Titanic deck or steamer chairs are one the rarest types of Titanic collectable.
Auctioneers Henry Aldridge said they will auctioning the Nantucket Titanic Deck Chair on April 18th, one of only a handful of fully provenanced and documented examples in existence.
Collecting authentic Titanic memorabilia have become a massive craze globally.
Recently, a violin played by Titanic bandmaster Wallace Hartley on board the ill-fated liner sold for a whopping £1.1 million. The instrument, which was discovered in 2006, was played by second-class passenger Wallace Hartley on Titanic's fateful night of April 14th, 1912.
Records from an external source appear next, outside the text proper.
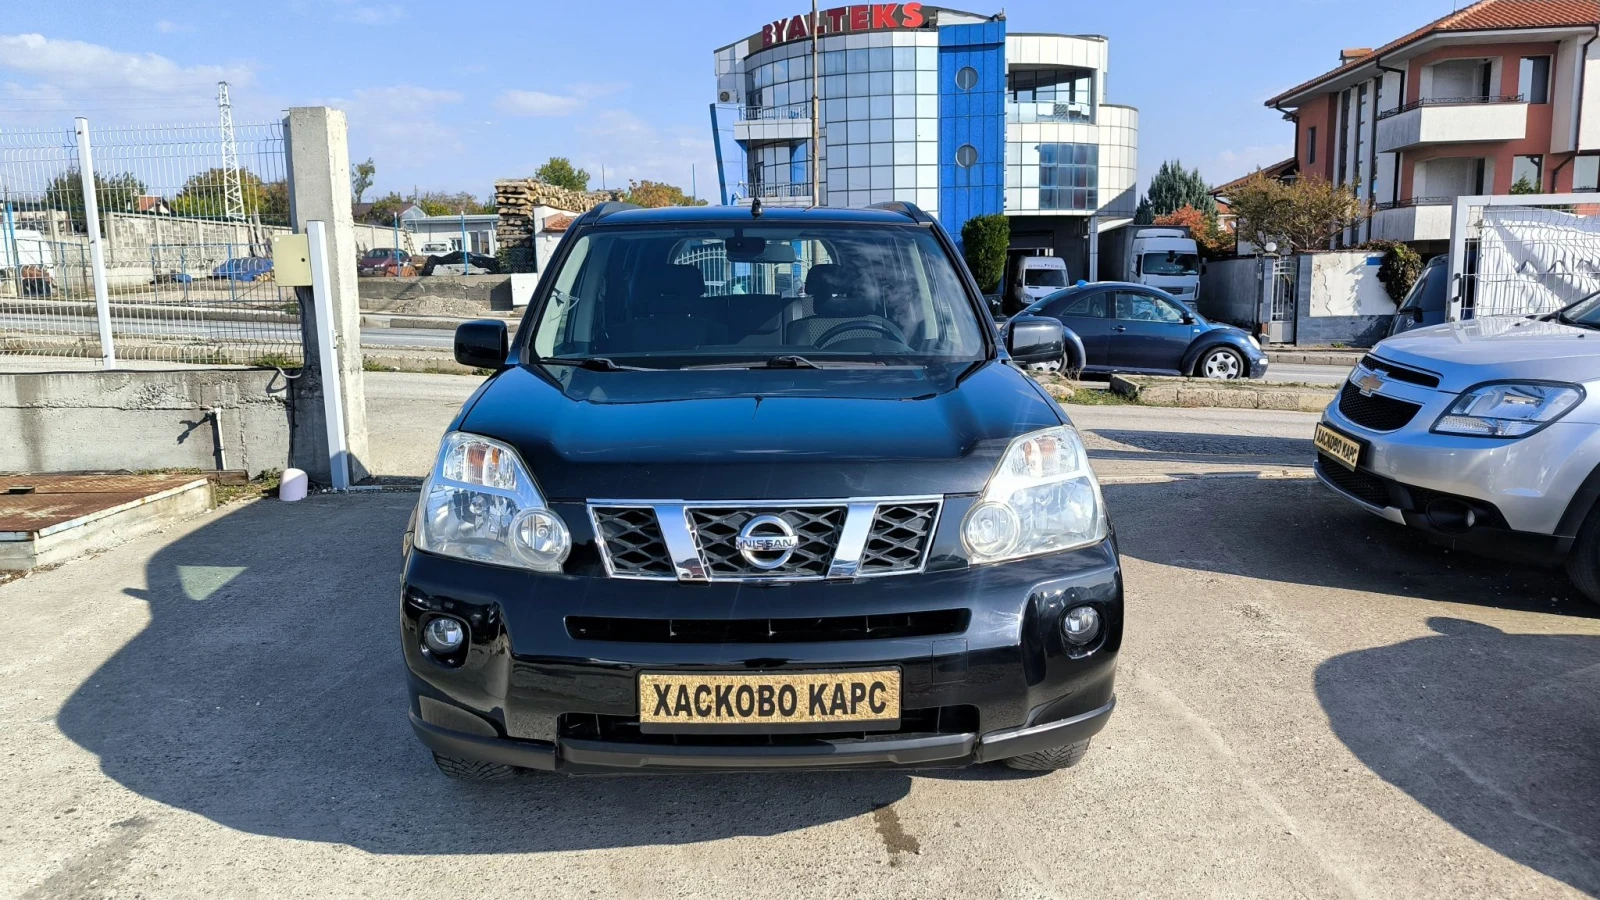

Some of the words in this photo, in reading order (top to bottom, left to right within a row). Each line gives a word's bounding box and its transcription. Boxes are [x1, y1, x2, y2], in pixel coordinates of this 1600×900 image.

[762, 1, 924, 48] BYALTEKS
[1317, 428, 1342, 454] ХАСКОВО
[1342, 442, 1357, 463] КАРС
[742, 539, 792, 548] NISSAN
[653, 683, 797, 717] ХАСКОВО
[809, 681, 887, 716] КАРС
A letter written on board the Titanic and dated the day it struck the iceberg in 1912 - eight hours before the collision was also auctioned recently. Survivor Esther Hart wrote the letter to her mother in East London, but it was never sent. Hart had found the letter in her husband Benjamin's pocket after she and her seven-year-old daughter, Eva, were rescued. Benjamin was one of more than 1,500 people who perished in the tragedy.
Although the Titanic sank over 102 years ago, demand for memorabilia from her shows little sign of abating.
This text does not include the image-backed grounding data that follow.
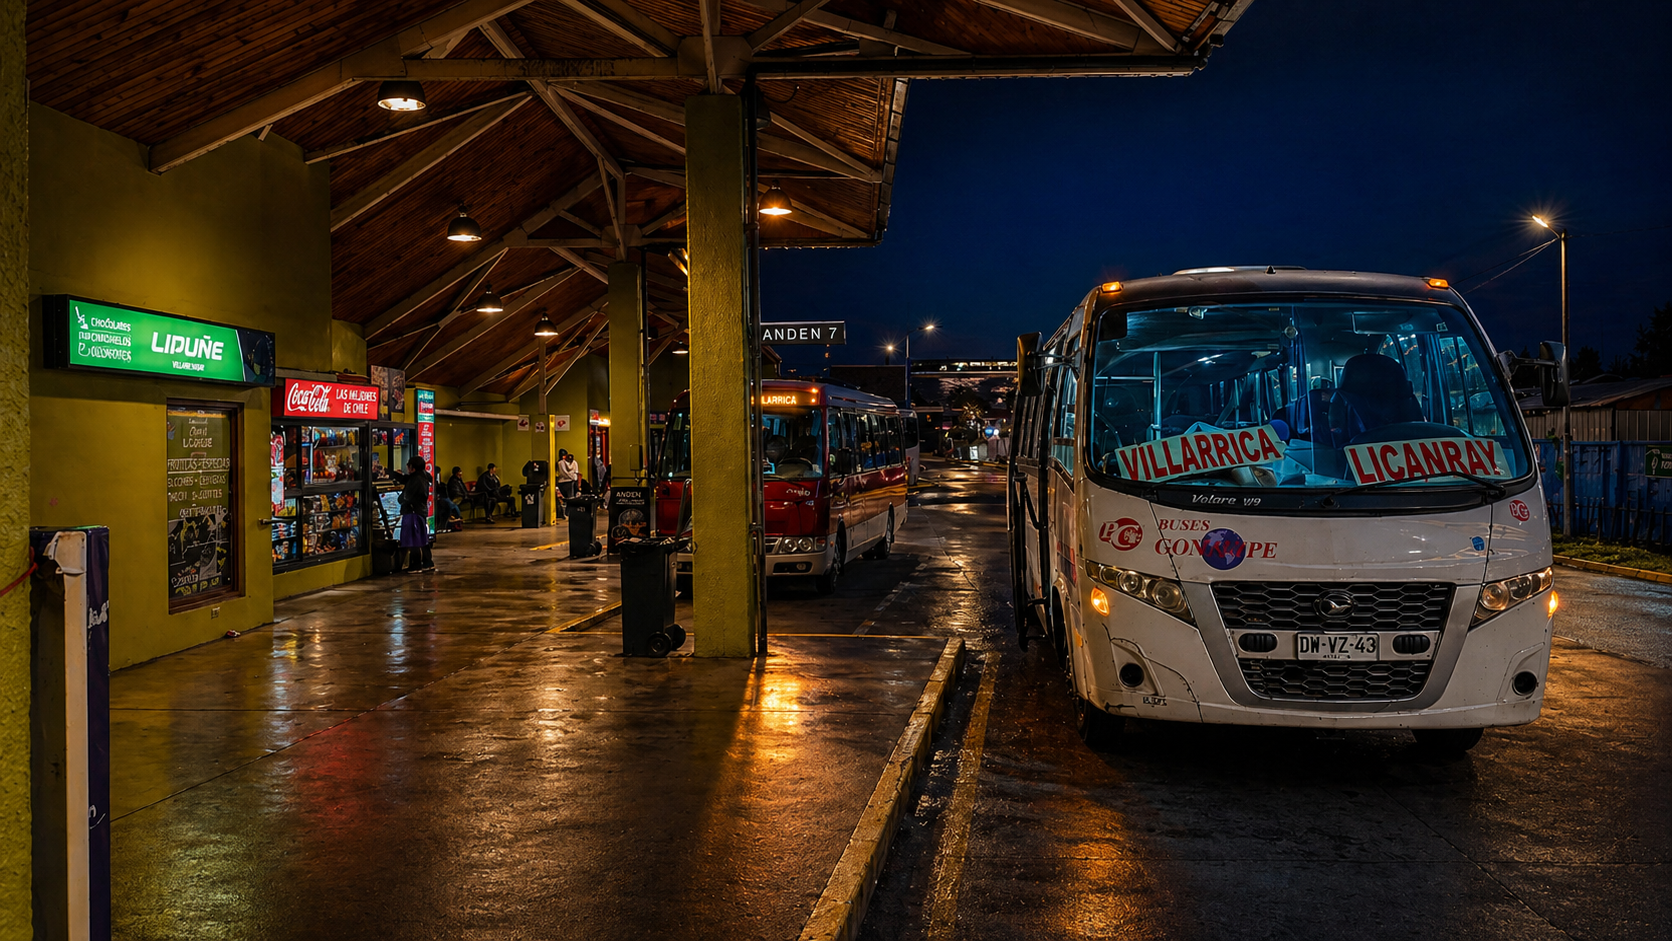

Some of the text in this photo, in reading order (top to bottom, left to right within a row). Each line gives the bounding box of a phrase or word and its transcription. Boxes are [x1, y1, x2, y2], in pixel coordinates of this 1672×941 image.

[762, 327, 837, 341] ANDEN 7
[336, 389, 348, 400] LAS
[343, 402, 351, 414] DE
[1119, 428, 1281, 481] VILLARRICA
[1348, 440, 1500, 484] LICANRAY
[1192, 494, 1236, 505] Volare
[1159, 519, 1210, 531] BUSES
The chairs were owned originally by Julien Lemarteleur, a French cable ship captain working in Halifax at the time of the disaster, who stated to his friend, Captain N Robin Lee to whom he later gave the chair that it had come from the deck of Titanic.
The auctioneers checked with the log book and confirmed that the crew not only picked up deck chairs but that the ships carpenter spent time repairing some of them. The chairs are in fragile condition and can't be sat on.